In 456 very well-written pages… (followed by a treasure trove of a bibliography), Dr. Feser shows in Aristotle’s Revenge that, point for point, Aristotle got science right, or as right as he could given the limitations in instrumentation and communication with other researchers during his time. Scientists since the so-called Enlightenment have been trying to detach Aristotle’s greatest insight, the telos of things, from the world around them. But the telos is the linchpin of the material world, so without it, everything, as is apparent from most philosophy lectures one attends nowadays, or nearly any philosophy book one reads, falls apart… [T]he most compelling part of Aristotle’s Revenge is section six, “Animate Nature.” Here, Dr. Feser goes a very long way toward restoring the life sciences to their proper relation to purpose and cause…
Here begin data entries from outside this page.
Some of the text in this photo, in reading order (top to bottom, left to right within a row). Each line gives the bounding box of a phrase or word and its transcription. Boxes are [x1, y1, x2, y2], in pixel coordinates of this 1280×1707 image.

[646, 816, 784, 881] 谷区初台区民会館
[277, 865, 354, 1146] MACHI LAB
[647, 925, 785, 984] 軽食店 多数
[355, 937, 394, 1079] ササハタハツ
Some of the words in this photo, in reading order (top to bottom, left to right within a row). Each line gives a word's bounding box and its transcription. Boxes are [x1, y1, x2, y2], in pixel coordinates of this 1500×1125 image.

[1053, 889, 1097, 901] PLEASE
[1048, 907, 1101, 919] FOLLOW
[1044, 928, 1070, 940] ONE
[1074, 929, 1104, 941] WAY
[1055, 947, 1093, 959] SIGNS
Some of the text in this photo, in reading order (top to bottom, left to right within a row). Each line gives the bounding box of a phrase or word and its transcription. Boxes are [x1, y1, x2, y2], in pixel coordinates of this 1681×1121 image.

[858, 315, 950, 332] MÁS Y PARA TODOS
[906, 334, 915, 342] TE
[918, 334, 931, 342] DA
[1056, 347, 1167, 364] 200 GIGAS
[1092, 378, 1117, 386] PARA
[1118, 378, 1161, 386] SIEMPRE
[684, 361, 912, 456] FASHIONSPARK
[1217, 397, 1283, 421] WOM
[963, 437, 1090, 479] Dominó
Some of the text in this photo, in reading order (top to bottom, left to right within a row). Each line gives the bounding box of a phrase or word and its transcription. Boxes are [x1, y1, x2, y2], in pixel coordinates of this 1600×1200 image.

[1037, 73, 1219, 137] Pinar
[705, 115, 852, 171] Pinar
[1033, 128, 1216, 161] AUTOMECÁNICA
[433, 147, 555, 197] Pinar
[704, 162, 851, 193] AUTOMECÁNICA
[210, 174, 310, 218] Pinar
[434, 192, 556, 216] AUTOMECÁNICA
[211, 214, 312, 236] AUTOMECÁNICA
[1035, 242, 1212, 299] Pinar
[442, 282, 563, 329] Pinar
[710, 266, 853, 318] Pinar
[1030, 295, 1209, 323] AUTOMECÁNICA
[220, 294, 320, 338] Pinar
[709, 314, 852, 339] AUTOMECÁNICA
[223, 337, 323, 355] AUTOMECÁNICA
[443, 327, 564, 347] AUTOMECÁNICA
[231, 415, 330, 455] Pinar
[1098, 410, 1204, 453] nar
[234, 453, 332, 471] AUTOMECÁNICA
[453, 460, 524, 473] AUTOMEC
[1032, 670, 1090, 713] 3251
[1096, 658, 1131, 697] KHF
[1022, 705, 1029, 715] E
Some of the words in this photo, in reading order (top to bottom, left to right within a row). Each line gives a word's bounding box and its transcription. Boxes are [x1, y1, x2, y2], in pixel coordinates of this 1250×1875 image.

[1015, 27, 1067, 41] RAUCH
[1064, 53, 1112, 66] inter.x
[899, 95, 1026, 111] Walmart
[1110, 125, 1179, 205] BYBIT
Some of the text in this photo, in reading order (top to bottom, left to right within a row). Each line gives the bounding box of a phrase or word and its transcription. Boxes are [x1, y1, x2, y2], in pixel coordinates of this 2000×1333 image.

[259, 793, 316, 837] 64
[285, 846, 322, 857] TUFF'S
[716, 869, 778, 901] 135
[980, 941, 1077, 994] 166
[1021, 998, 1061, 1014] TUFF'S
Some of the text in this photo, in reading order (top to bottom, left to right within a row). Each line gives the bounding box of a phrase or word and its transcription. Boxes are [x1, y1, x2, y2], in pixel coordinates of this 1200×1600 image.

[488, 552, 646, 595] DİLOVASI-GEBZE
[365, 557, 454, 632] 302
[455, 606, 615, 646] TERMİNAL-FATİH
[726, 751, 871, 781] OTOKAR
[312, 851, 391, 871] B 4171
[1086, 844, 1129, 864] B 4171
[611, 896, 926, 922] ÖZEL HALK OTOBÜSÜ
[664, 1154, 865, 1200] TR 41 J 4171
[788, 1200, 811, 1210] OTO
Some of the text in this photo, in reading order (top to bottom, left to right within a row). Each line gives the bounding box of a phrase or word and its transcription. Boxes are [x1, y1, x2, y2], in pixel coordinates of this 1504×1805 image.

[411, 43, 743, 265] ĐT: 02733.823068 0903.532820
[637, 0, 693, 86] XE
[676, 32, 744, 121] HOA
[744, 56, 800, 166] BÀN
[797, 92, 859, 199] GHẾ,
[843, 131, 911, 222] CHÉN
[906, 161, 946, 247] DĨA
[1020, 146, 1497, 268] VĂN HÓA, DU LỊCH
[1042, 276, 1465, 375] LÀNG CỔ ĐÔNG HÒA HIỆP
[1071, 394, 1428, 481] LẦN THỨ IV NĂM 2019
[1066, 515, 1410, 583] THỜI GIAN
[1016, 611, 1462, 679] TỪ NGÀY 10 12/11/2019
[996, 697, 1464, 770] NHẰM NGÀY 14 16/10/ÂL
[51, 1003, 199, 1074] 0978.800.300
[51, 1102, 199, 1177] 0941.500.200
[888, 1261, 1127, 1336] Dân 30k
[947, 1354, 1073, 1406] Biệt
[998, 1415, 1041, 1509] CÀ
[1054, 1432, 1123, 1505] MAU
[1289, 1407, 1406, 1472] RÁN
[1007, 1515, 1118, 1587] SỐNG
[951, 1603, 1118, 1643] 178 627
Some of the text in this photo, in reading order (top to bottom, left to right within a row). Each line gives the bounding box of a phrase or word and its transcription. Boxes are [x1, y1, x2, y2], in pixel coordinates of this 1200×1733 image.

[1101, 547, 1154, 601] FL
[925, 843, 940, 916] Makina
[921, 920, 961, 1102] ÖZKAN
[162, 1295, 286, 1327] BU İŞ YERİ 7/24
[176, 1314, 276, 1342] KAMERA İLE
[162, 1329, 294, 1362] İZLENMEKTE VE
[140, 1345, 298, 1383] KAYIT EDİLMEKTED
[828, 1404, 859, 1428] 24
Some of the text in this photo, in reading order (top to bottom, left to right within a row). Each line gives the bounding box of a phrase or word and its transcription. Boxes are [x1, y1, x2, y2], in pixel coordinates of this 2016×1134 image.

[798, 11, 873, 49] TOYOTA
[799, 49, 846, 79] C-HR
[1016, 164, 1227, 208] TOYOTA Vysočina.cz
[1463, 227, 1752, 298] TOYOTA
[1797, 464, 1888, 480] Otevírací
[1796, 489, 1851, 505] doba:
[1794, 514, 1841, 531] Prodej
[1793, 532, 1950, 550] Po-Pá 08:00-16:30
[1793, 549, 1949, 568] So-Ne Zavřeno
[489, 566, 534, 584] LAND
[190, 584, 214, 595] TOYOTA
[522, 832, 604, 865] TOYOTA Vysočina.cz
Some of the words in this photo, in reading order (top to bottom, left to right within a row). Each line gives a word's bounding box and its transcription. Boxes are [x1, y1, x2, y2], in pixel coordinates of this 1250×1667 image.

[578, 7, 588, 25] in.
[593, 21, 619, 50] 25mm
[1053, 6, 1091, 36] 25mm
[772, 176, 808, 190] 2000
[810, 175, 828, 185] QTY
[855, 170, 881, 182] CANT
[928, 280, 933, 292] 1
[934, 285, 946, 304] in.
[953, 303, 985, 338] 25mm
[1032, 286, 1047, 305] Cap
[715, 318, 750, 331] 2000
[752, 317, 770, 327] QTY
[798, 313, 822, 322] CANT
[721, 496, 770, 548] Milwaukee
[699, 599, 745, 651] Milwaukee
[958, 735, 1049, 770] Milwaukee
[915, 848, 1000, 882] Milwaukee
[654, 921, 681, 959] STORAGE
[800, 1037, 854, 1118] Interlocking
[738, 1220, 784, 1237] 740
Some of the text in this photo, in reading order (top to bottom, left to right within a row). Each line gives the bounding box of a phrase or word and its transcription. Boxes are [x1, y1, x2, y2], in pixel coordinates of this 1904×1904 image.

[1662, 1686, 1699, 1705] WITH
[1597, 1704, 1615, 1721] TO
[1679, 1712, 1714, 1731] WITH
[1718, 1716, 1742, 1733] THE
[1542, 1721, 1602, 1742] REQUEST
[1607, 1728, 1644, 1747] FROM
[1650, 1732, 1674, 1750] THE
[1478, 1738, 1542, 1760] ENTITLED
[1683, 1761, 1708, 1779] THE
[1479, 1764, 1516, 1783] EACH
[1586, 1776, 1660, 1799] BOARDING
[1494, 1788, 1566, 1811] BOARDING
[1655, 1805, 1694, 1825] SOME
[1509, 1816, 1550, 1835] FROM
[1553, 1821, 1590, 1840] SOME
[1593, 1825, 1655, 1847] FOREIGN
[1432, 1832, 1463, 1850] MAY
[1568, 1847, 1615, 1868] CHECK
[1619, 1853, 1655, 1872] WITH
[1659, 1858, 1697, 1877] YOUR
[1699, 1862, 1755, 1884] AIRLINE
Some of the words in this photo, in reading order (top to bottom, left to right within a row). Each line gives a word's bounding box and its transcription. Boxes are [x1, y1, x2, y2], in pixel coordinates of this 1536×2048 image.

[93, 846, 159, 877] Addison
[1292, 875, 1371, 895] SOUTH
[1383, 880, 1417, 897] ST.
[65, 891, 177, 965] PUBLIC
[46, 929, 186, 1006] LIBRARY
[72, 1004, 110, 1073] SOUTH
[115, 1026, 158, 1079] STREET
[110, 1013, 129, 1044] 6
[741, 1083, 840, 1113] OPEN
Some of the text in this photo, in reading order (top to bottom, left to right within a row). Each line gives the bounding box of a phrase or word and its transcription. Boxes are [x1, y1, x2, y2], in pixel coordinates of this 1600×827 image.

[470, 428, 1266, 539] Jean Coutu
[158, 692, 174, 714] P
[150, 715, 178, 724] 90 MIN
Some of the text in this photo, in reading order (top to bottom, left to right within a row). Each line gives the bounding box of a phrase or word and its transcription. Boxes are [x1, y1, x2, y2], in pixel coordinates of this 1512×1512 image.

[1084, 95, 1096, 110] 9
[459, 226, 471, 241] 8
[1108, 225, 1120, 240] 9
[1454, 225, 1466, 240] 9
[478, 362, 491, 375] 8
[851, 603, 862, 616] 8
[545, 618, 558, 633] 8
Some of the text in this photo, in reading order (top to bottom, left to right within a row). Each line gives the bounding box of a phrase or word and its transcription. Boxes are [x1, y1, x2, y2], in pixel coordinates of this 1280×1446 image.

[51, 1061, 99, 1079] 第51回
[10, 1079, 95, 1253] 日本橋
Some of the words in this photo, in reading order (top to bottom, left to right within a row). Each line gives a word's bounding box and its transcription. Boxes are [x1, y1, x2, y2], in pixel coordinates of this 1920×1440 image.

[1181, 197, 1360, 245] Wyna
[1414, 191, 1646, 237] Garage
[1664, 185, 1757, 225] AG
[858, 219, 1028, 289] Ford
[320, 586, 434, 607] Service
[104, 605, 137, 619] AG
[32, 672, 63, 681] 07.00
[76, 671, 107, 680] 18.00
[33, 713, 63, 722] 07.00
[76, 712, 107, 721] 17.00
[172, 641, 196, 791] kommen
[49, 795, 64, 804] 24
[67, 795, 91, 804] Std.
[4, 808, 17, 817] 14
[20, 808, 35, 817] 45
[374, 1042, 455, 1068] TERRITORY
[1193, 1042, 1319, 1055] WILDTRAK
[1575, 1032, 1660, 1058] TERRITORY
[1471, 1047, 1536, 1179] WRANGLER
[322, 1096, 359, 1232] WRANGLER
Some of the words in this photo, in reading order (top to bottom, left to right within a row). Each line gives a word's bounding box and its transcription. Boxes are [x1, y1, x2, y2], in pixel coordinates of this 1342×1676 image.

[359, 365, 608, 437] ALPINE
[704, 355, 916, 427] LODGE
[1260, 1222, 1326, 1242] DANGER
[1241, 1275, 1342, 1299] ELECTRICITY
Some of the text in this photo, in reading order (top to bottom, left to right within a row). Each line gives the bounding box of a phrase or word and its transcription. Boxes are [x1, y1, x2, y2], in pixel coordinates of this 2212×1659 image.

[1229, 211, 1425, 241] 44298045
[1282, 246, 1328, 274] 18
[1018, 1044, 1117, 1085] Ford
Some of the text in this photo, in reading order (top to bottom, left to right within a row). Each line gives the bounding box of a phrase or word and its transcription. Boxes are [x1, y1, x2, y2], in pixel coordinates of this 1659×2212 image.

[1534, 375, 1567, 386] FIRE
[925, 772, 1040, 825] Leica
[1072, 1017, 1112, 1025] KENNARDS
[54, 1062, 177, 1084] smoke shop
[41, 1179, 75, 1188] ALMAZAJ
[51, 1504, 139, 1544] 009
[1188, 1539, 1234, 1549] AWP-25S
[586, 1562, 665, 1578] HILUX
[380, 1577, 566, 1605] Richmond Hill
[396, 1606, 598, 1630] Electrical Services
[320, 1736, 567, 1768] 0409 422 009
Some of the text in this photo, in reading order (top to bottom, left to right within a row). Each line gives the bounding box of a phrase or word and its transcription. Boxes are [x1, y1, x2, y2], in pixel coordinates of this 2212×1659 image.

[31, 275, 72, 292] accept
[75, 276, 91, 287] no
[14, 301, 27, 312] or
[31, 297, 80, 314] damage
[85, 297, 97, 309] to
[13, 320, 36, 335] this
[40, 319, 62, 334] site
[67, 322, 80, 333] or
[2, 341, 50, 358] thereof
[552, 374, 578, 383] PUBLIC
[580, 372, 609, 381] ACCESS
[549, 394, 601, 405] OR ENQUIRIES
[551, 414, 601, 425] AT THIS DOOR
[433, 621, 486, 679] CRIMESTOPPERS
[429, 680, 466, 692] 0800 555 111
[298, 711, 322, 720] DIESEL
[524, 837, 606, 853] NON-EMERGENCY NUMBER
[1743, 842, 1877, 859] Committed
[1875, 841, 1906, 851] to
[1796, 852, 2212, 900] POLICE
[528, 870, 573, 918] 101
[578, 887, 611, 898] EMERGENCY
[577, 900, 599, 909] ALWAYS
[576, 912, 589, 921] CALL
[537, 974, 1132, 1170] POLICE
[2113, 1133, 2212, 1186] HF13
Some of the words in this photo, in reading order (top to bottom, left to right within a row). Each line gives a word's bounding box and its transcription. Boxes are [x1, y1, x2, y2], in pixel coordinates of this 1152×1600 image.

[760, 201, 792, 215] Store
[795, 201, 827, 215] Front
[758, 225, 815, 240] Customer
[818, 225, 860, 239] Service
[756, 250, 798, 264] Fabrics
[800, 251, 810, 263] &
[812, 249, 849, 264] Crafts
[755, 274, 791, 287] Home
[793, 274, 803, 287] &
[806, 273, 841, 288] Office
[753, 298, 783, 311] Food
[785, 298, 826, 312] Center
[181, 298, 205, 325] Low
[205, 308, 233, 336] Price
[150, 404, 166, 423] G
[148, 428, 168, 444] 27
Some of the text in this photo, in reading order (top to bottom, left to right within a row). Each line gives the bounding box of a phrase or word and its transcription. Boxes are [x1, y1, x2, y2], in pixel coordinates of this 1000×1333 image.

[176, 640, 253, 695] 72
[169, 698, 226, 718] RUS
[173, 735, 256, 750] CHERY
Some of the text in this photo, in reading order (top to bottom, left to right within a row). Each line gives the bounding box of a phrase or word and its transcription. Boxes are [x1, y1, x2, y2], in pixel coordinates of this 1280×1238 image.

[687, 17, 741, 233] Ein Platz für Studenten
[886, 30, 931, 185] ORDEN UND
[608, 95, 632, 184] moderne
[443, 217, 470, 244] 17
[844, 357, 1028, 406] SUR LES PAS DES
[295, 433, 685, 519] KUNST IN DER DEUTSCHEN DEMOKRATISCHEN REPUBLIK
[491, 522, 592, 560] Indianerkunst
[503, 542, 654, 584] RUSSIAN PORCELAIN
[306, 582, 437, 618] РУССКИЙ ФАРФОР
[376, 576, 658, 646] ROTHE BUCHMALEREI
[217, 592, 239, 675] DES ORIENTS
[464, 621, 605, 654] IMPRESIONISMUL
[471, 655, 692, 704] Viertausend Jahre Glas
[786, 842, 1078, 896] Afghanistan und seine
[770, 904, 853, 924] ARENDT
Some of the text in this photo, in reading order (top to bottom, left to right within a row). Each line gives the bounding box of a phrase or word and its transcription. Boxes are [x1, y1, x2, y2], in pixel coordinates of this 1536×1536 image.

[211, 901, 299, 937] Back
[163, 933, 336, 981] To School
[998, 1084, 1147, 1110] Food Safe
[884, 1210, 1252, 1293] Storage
[O]ne of the greatest services of Aristotle’s Revenge, and of Dr. Feser’s work in general, is the clarity that Dr. Feser brings to discussions about terms and concepts.
End quote. Morgan gives special attention to the criticisms of Intelligent Design theory that I raise in that chapter.
Morgan also offers a suggestion for improvement:
I think that Dr. Feser’s call for a return to a teleological view of the cosmos could be even stronger with a more clearly-defined deployment of, for example, the term “species.” Dr. Feser goes to great lengths in part six of Aristotle’s Revenge to distinguish among various uses of the term, setting, for example, “logical species” off from the very different (but often conflated, to disastrous effect) “philosophical species.” This is helpful and correct, but I would suggest that Dr. Feser’s readers seek out the works of Peter Redpath, John Deely, and Charles Bonaventure Crowley for even deeper insights into the work that genus and species – not the terms, but the Aristotelian-Thomistic realities – really do.
Fair enough. Aristotle’s Revenge interacts with an enormous body of literature, but so vast is the subject matter that there is much more I could have covered. I thank Prof. Morgan for his suggestions and for his review.